L’universalisme républicain en acte

La République et son idéal font ainsi souvent les frais des rapports de force politiques, quand ce n’est pas plus prosaïquement et banalement la conséquence de « petits jeux politiciens ». La République est un combat ; on ne peut tenir notre devise Liberté – Égalité – Fraternité pour acquise du simple fait qu’elle serait énoncée. Comme socialistes, nous connaissons bien les logiques inégalitaires à l’œuvre en économie capitaliste qui ne plient ou reculent que sous l’effet du rapport de force politique et social que l’on construit (ou pas). Pourquoi serait-ce différent pour les inégalités et discriminations fondées sur l’origine, la couleur ou la religion supposée ? Pourquoi serait-ce différent quand les Libéraux et le monde capitaliste instrumentalisent également les enjeux d’identité pour réduire la personne à l’individu, pour diminuer d’autant la capacité des travailleurs à s’organiser collectivement en les dressant les uns contre les autres en fonction de leurs origines ? Pourquoi serait-ce différent quand les discriminations liées à l’origine croisent les inégalités économiques et sociales ?

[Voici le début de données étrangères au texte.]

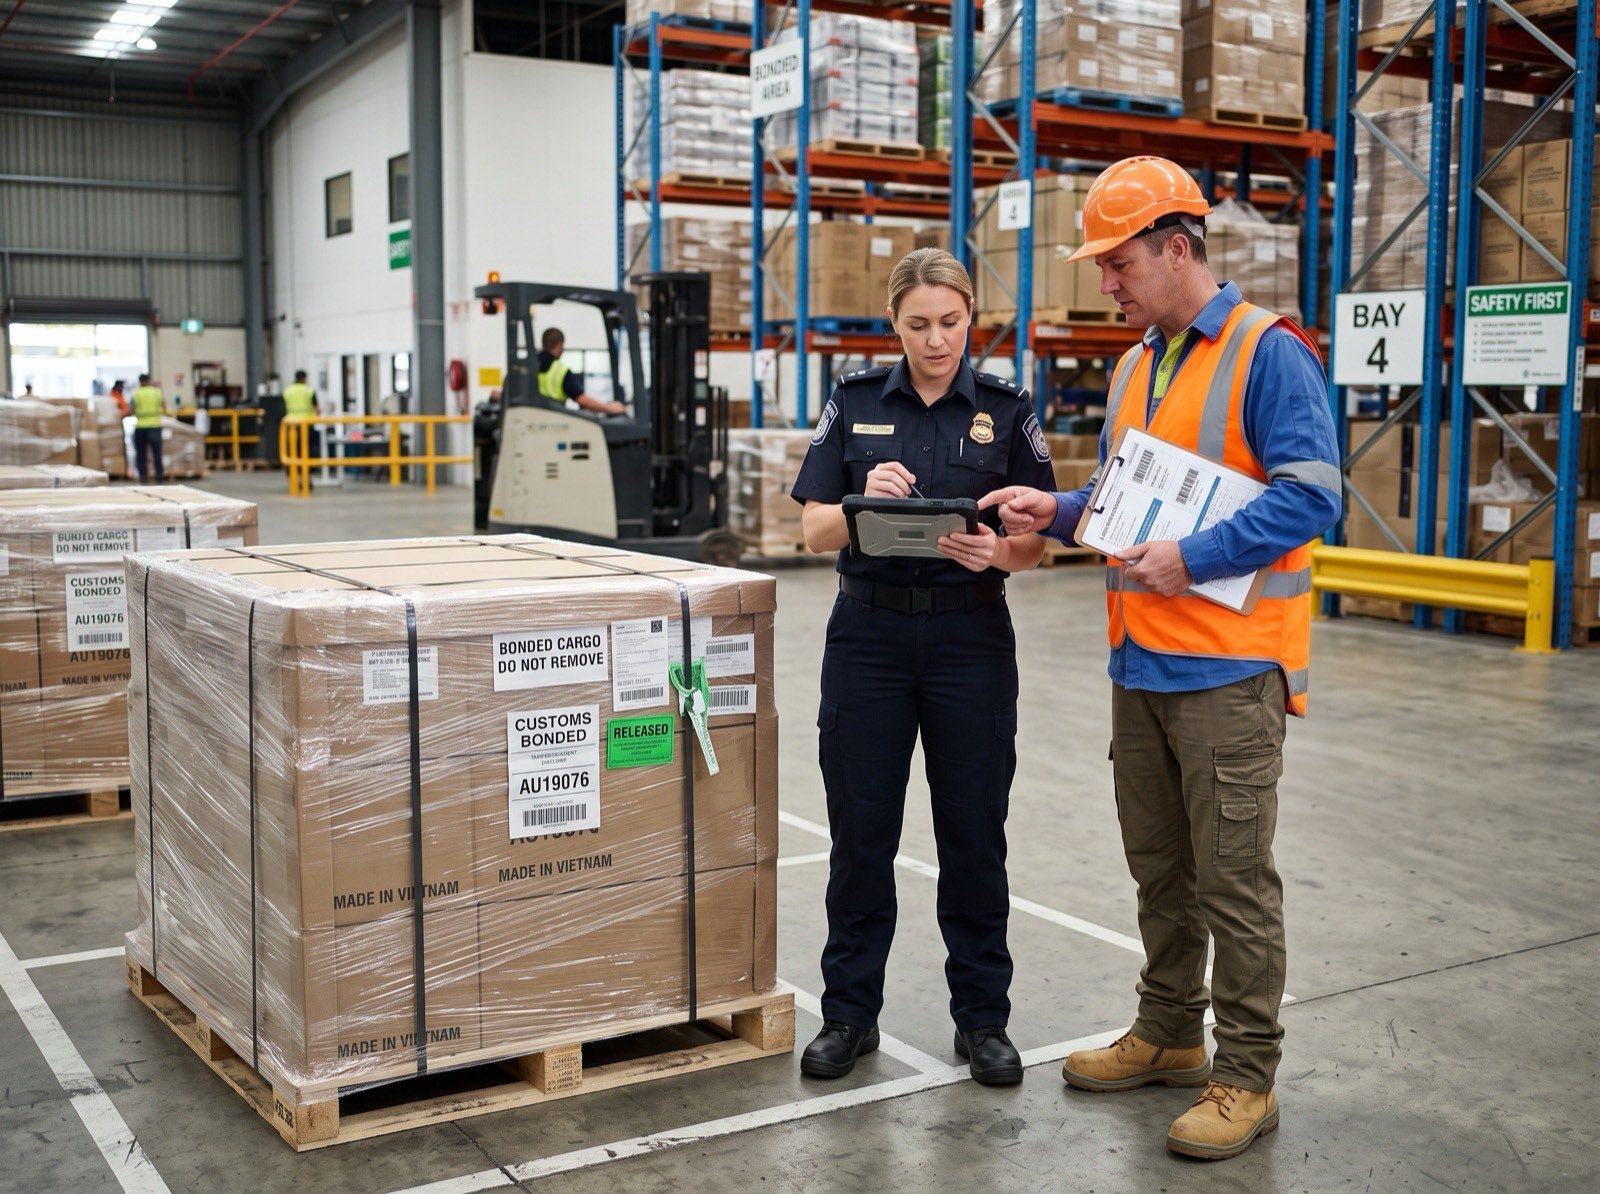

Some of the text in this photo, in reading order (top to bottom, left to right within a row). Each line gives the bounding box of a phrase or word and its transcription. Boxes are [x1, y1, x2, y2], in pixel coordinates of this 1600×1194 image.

D’ailleurs en d’autres points du globe, ce type de processus a été parfaitement utilisé, y compris à des fins économiques, entre des populations différentes que ne séparaient pas la couleur de peau : l’opposition au sein de la classe ouvrière d’Irlande du Nord entre Unionistes et Nationalistes (Protestants et Catholiques) grâce à l’encouragement du sectarisme est un modèle du genre.

Raison de plus pour ne pas se laisser pièger par des concepts ambigus ou même pervers. Ainsi la notion de « privilège blanc » (expression popularisée par une écrivaine de talent et à succès mais dont on peut s’interroger sur son sens des réalités) peut évidemment être comprise, dans une certaine mesure, s’il s’agit de désigner cette situation où, par le fait d’être blancs, certains d’entre nous ont accès facilement à un logement, un emploi, à un certain nombre de choses sans même nous en rendre compte. Mais cette notion, même si on peut en comprendre l’intention (chez certaines personnes de bonne foi), est viciée à la base car le concept de « privilège » renvoie à quelque chose qu’il faudrait en principe abolir. Or, le souci aujourd’hui n’est pas de savoir si les « blancs » doivent avoir accès facilement à un logement, etc. ou s’il faudrait leur retirer cette capacité, alors même qu’elle n’est pas l’apanage de tous les « blancs ». Cette façon de penser est même quelque part une manière de réinvestir le principe de « hiérarchie des races », entre les « blancs » qui auraient (forcément) une vie merveilleuse et « les autres ». La question c’est de se demander pourquoi d’autres n’ont pas accès, pourquoi nous tolérons encore que dans les faits de telles discriminations perdurent concrètement ; la question est de se demander – lorsqu’on a constaté qu’il y a des gens, en raison de leur couleur, de leur religion, de leur sexe, de leur orientation sexuelle, de leur handicap, pour lesquels l’exercice des droits humains est soit tronqué, soit inexistant – comment il faut agir pour faire reculer puis mettre fin concrètement à cette rupture d’égalité. Car à nouveau ce que l’universalisme républicain nous rappelle c’est bien l’unité de l’humanité, l’égalité entre tous les Hommes, en cela il n’est en rien un concept évanescent et surplombant comme le prétendent certains militants différentialistes ou intersectionnalistes. L’universel ne relève pas d’une sorte de dogme surplombant, d’un ensemble de principes qu’on accepte tels quels. L’universel c’est une aspiration qui est toujours en construction, qui est traversée d’une réflexion sur les façons de faire progresser ces aspirations universelles. L’universalisme républicain devient concret lorsqu’il existe une volonté politique pour le mettre en œuvre.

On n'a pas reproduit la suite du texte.